The New Yorker magazine is not on my regular reading list, but when I do read it, I spend my time with Gladwell’s pieces. He recently wrote a piece entitled How David Beats Goliath and it is an awesome read.
He tells the story of Vivek Ranadiv?, a very successful entrepreneur, but that’s not focus of the tale. He explains how Ranadiv? coached his daughter’s basketball team to the nationals. The power in the story is that the girls were clearly the underdog in nearly every game. They regularly beat teams much better, much stronger than their own. How did they do it? Gladwell takes us on a great journey.
Here are three things that inspired some entrepreneurial thinking:
- Play all out, all the time. His daughter’s team played a full court press the entire game. Easy to say, much harder to perform, which is why even college and pro teams don’t do it. They proved that enthusiasm and energy trump ability. Gladwell cites a variety of sources that prove this out.

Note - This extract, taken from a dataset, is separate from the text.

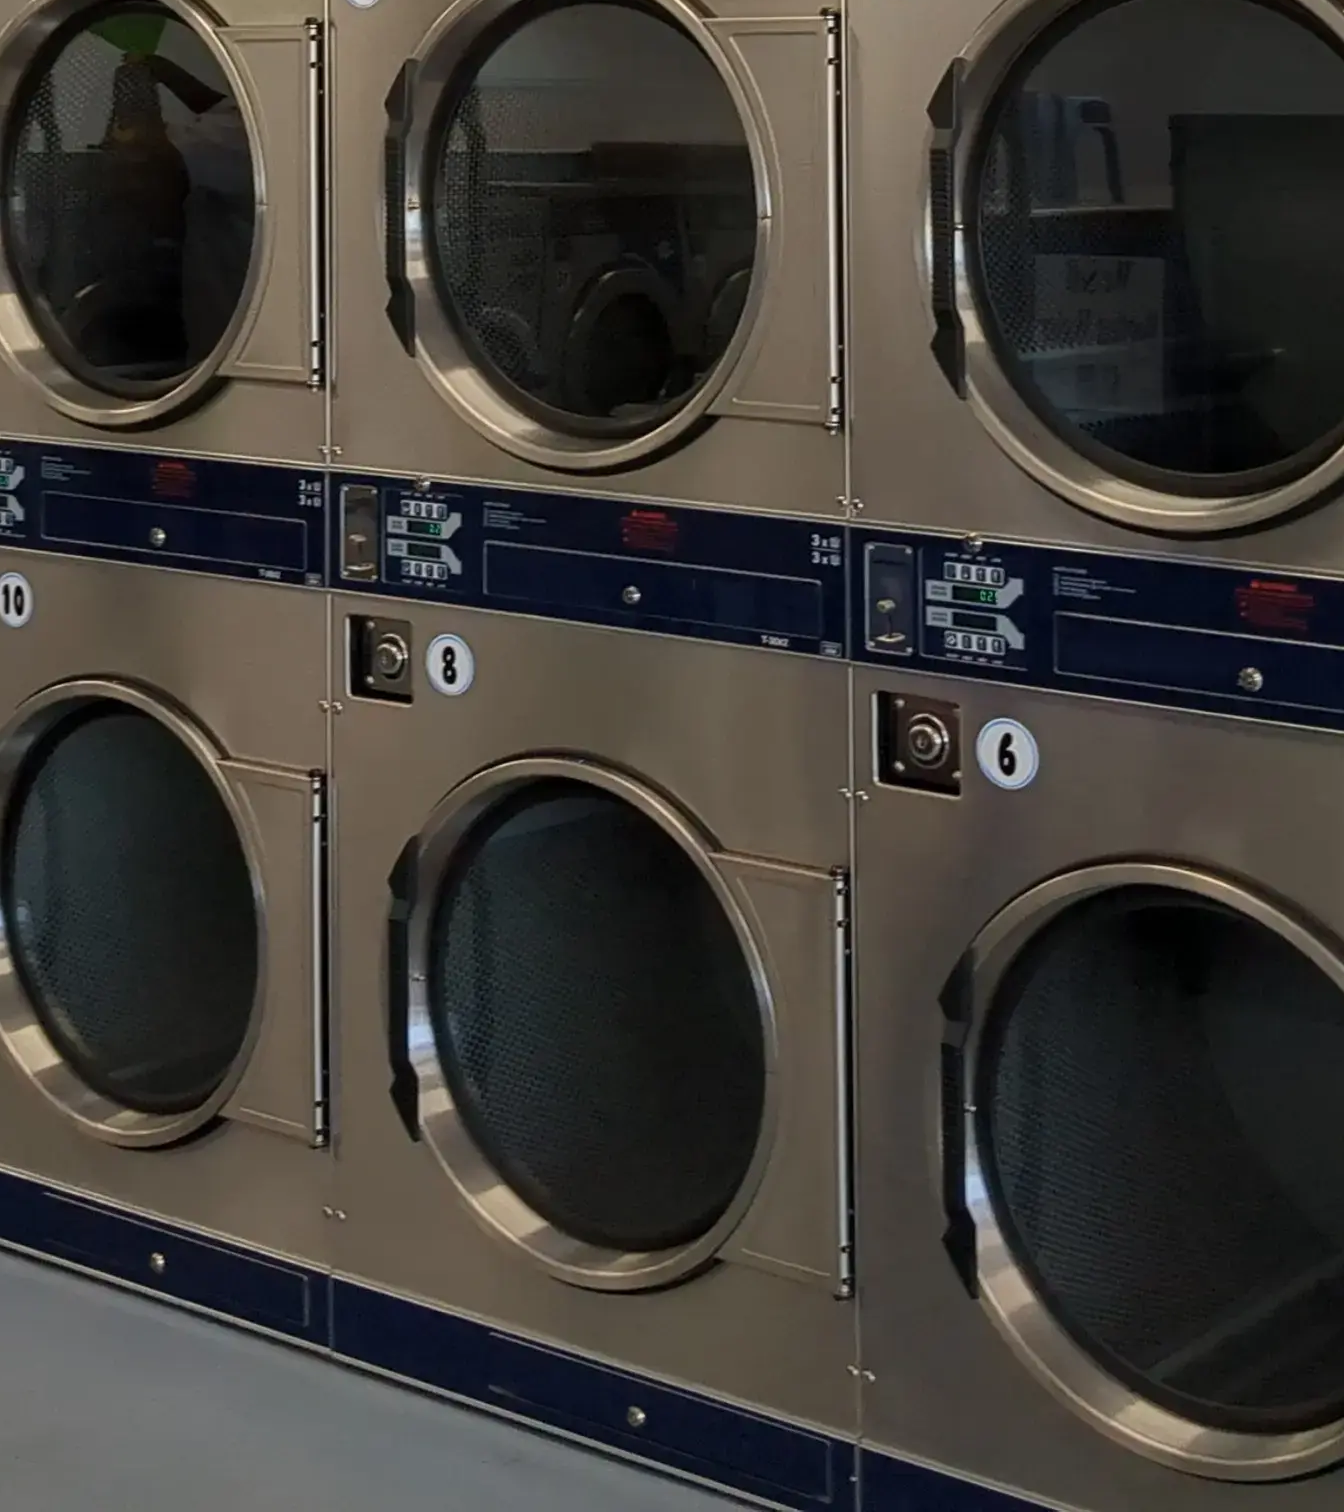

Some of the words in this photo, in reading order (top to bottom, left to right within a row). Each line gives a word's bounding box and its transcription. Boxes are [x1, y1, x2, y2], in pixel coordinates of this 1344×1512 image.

- Do not play by Goliath’s rules. Gladwell reminds us of the Biblical story of David versus Goliath and how the young shepherd beat the giant. Throughout the piece he explains how the David’s, the insurgents, the underdog upset the entrenched, the mainstream, the favorite. Points worth mentioning – David charged Goliath, which was unexpected. He did not cross swords with the giant, also expected. He didn’t wear the traditional garb. He thought about what made sense for the battle and took little more than his determination.
This is the second half of the insurgent’s creed. Insurgents work harder than Goliath. But their other advantage is that they will do what is ‘socially horrifying’.They will challenge the conventions about how battles are supposed to be fought,” writes Gladwell.
- Never get hemmed in by societal norms. People often joke: “That’s not how we do things around here…” You can still find a way to serve a customer need and not be boxed in by the way others do things.
As entrepreneurs and small biz owners, we may hear that in a hundred other forums, but let it not enter your brain, your psyche, your way of doing business, your way of serving your customer. You could say this the more common way – do not think inside the box.